13WMAZ, Mercer University’s Center for Collaborative Journalism, Georgia Public Broadcasting and the Macon Telegraph have partnered to bring you the Macon Food Story.
Over the next year, all the above news organizations will be working together to share stories on a topic that everyone is familiar with – food.
From the culture of southern food, to food access and the health of the region, we're exploring the food habits of the South hoping to answer the question: What does the food we eat say about the life we live?
To understand food insecurity, it’s important to define who lives in poverty.
For the federal government, it’s a mathematical equation.
The poverty thresholds are updated each year by the Census Bureau and adjusted for inflation using the Consumer Price Index.
- The consumer price index, or CPI, is a measure of the average change over time if the prices paid by urban consumers for a basket of goods as service (U.S. Bureau of Labor Statistics)
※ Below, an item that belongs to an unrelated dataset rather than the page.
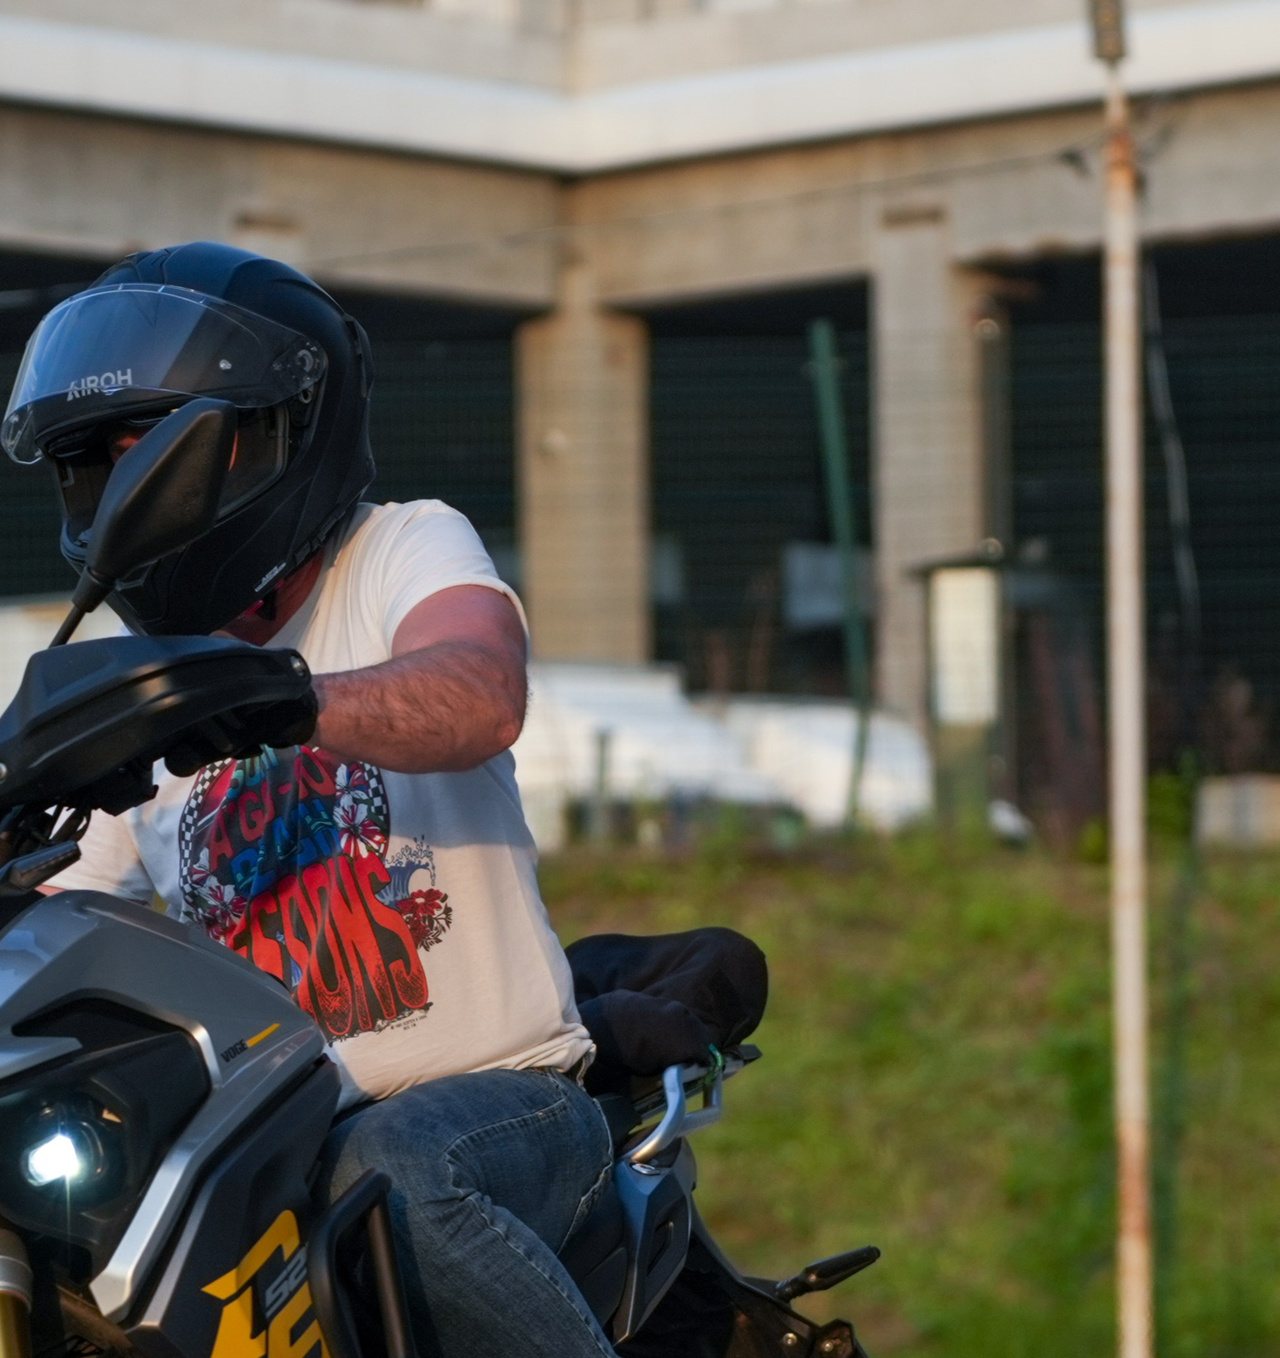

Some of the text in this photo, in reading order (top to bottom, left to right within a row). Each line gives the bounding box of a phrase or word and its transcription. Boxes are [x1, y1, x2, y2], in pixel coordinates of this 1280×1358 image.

The official poverty definition uses income before taxes and does not include capital gains or non-cash benefits.
- A capital gain is when you sell something for more than you spent to get it (TurboTax)
Basically, for one person, if you make less than $12,600 before taxes… you live in poverty.
$4,180 is added for each additional person in your household.
So, for a family of four, if your annual income before taxes is less than $24,600, you live in poverty.
It’s a statistical national average and it’s used to determine if an individual or family qualifies for certain federal programs like Section 8 housing vouchers, Medicaid and food stamps.